Start of INFORMATION SHOWN

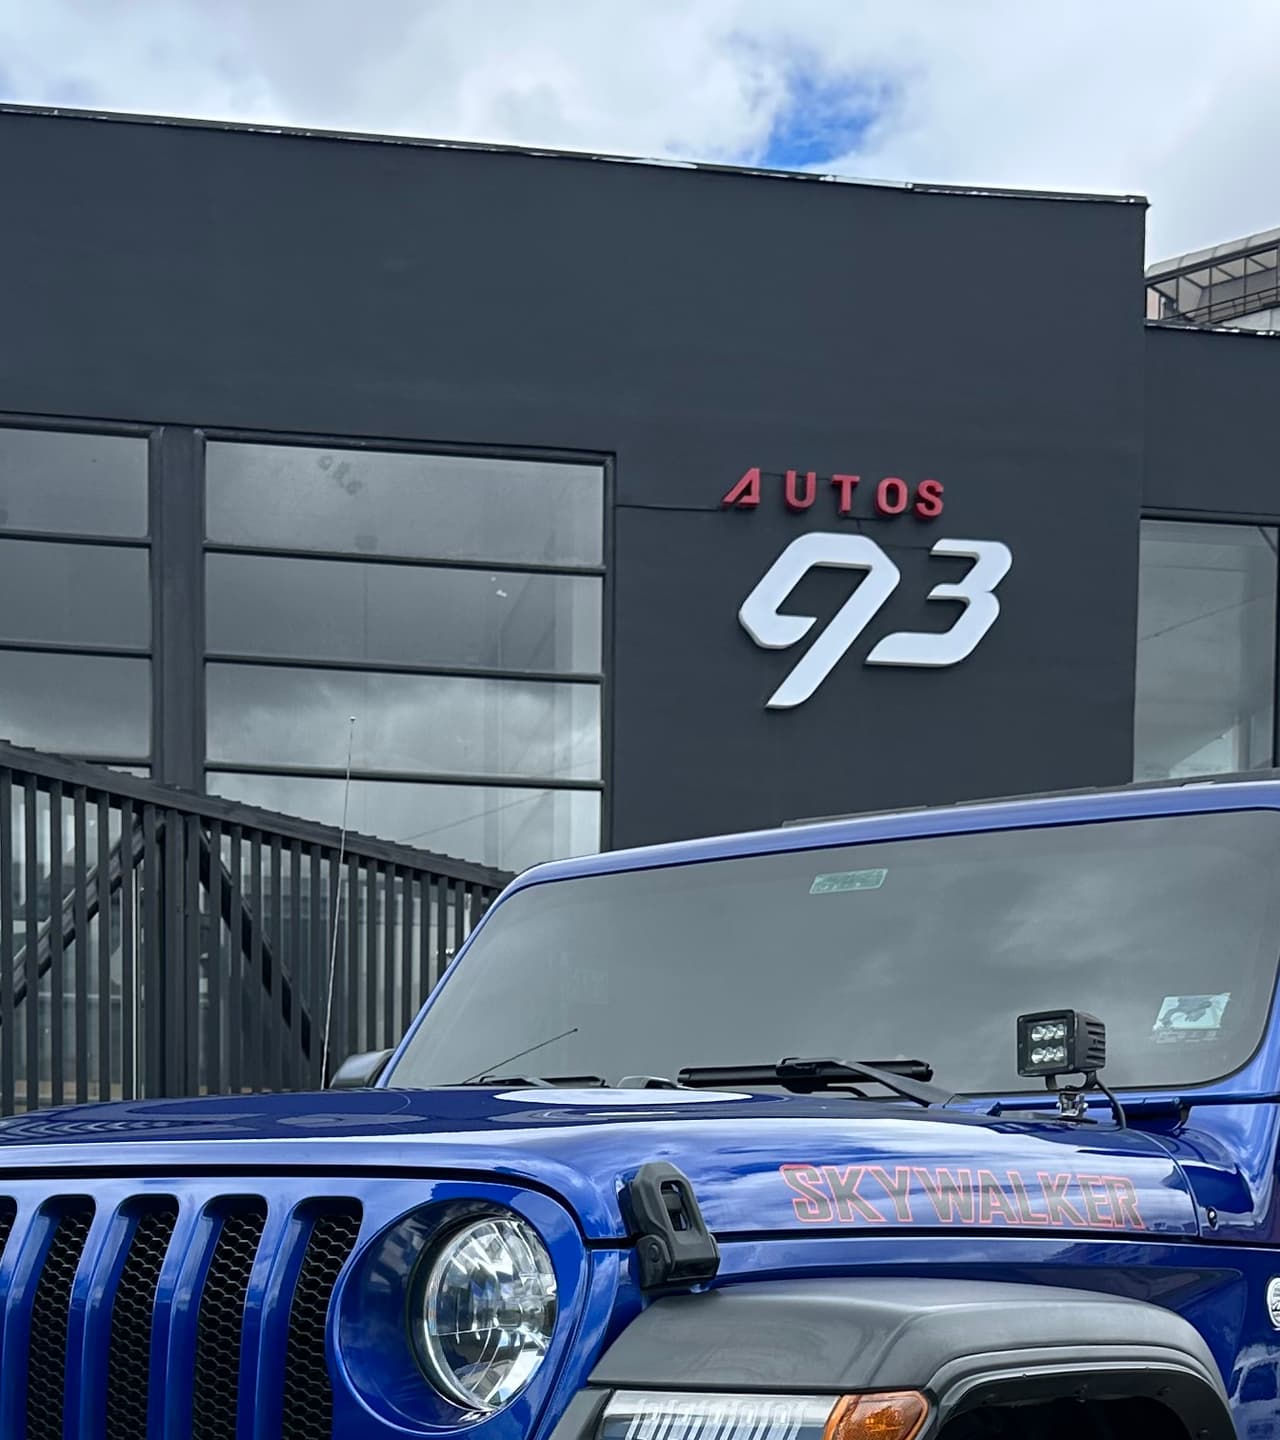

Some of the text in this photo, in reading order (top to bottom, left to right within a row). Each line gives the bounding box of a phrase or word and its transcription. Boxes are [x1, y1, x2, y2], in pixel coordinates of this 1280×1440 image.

[722, 467, 945, 520] AUTOS
[737, 532, 1013, 710] 93
[780, 1163, 1147, 1231] SKYWALKER
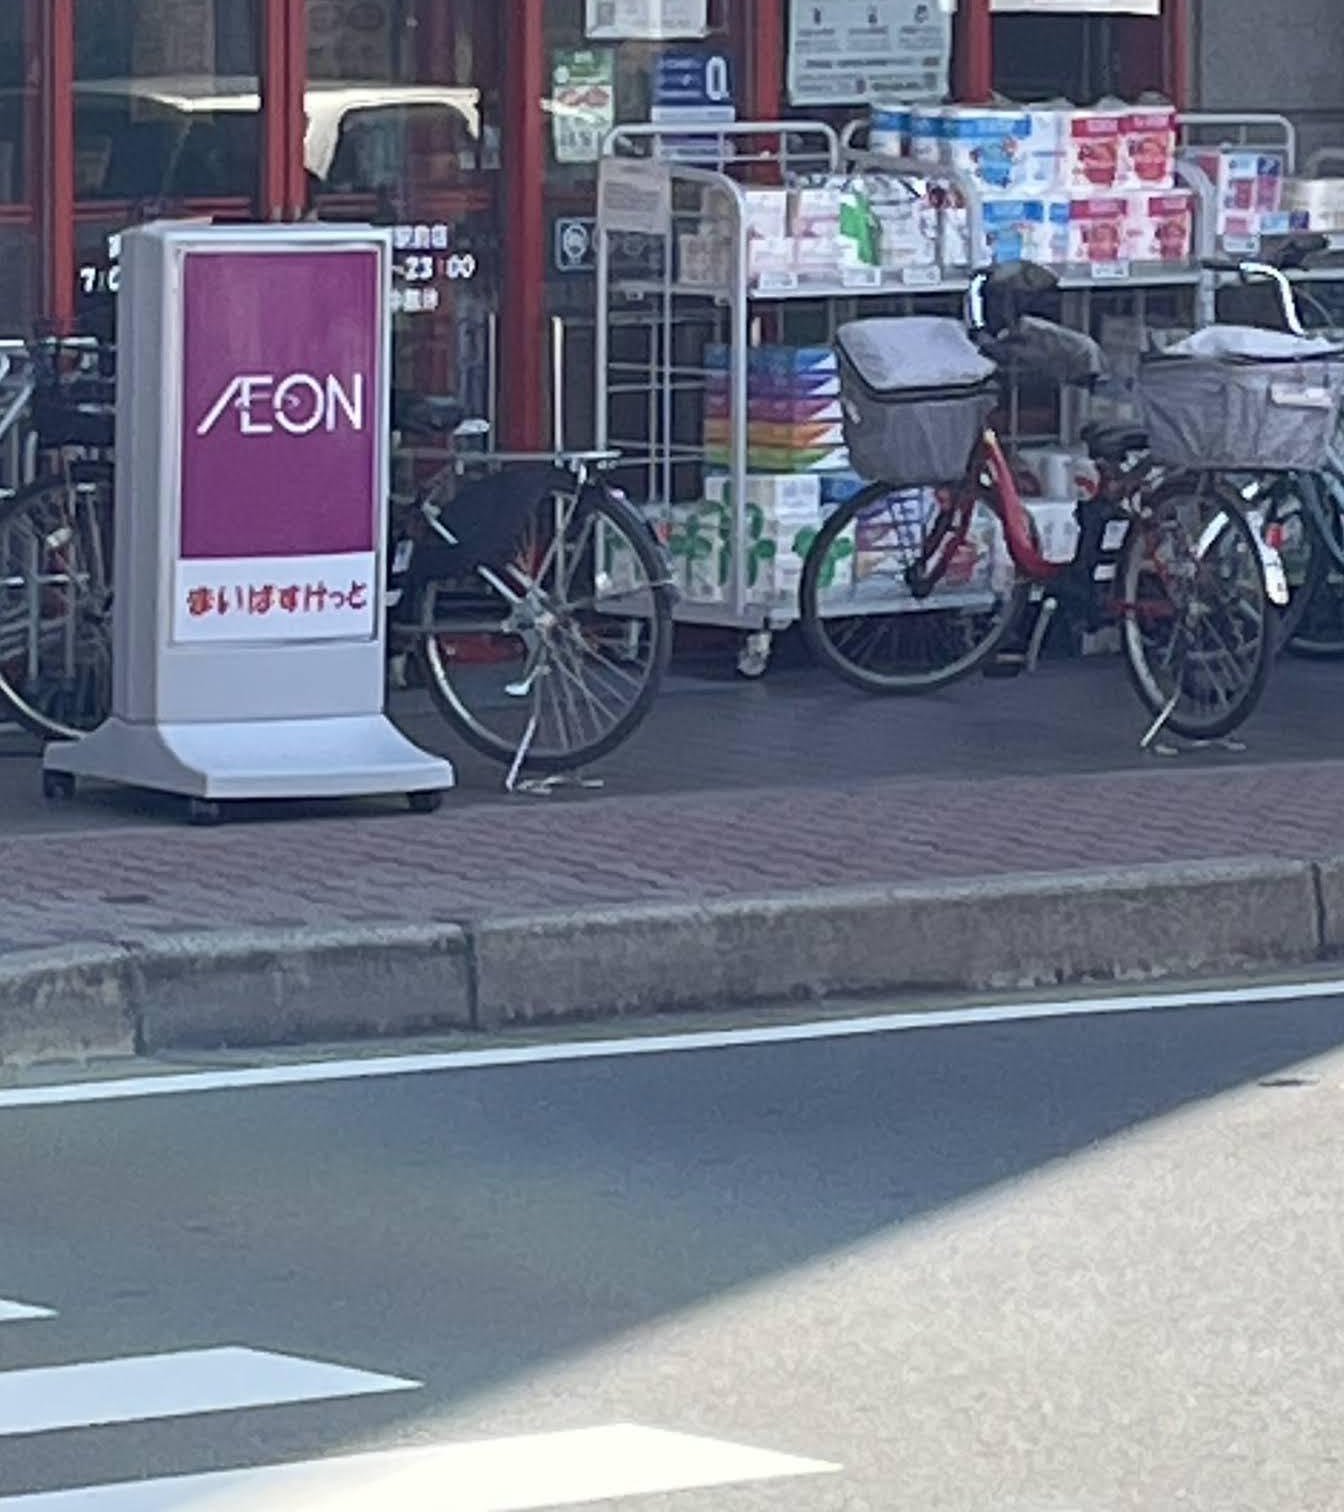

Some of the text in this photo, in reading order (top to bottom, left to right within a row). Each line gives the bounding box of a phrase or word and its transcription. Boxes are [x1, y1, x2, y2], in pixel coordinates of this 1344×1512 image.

[197, 373, 364, 435] AEON
[187, 581, 368, 617] まいばすけっと
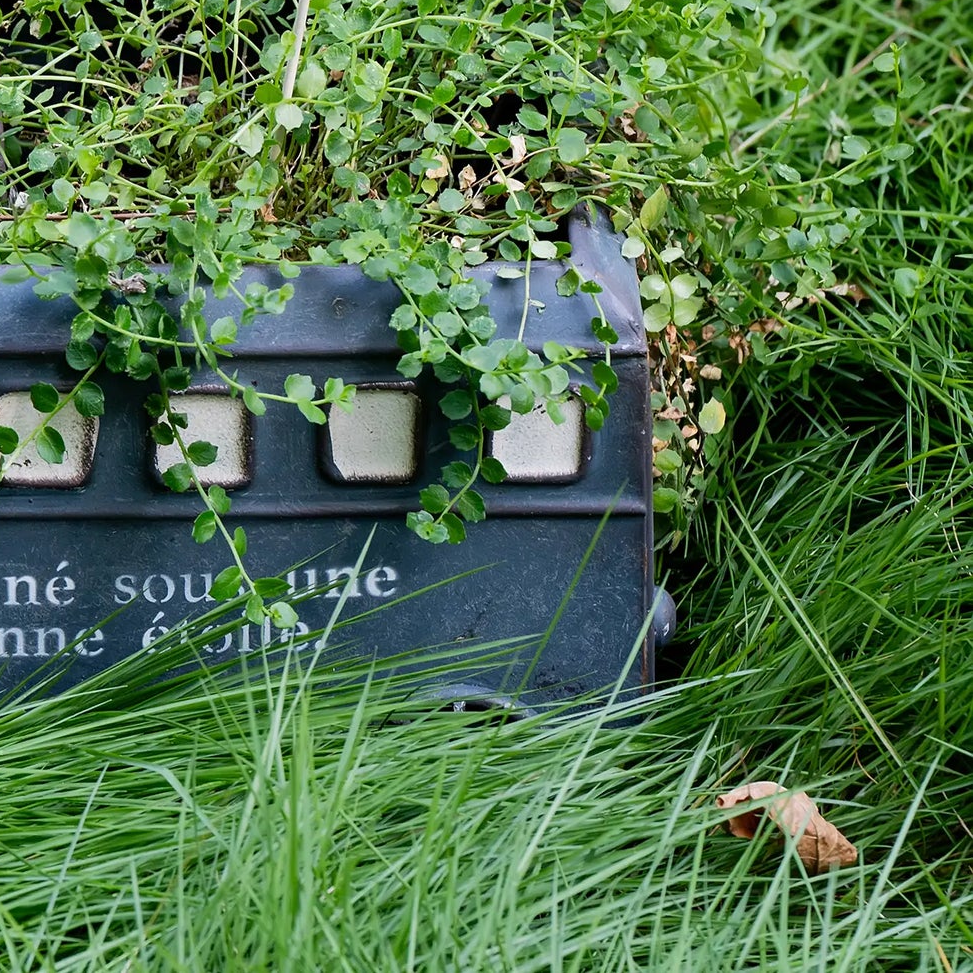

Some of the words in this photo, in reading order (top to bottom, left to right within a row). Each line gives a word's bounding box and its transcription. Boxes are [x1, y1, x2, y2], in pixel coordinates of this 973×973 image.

[3, 560, 76, 606] né
[114, 574, 246, 604] sou
[286, 566, 398, 598] une

End of INFORMATION SHOWN

* [YOUR GOAL]: I'd like the records above given again exactly, please, without the pictures.

* [REPLY TO THE TASK]:
Some of the text in this photo, in reading order (top to bottom, left to right within a row). Each line gives the bounding box of a phrase or word and its transcription. Boxes are [x1, y1, x2, y2], in pixel coordinates of this 1280×1440 image.

[722, 467, 945, 520] AUTOS
[737, 532, 1013, 710] 93
[780, 1163, 1147, 1231] SKYWALKER

Some of the text in this photo, in reading order (top to bottom, left to right within a row). Each line gives the bounding box of a phrase or word and its transcription. Boxes are [x1, y1, x2, y2], in pixel coordinates of this 1344×1512 image.

[197, 373, 364, 435] AEON
[187, 581, 368, 617] まいばすけっと

Some of the words in this photo, in reading order (top to bottom, left to right within a row). Each line gives a word's bounding box and its transcription. Boxes are [x1, y1, x2, y2], in pixel coordinates of this 973×973 image.

[3, 560, 76, 606] né
[114, 574, 246, 604] sou
[286, 566, 398, 598] une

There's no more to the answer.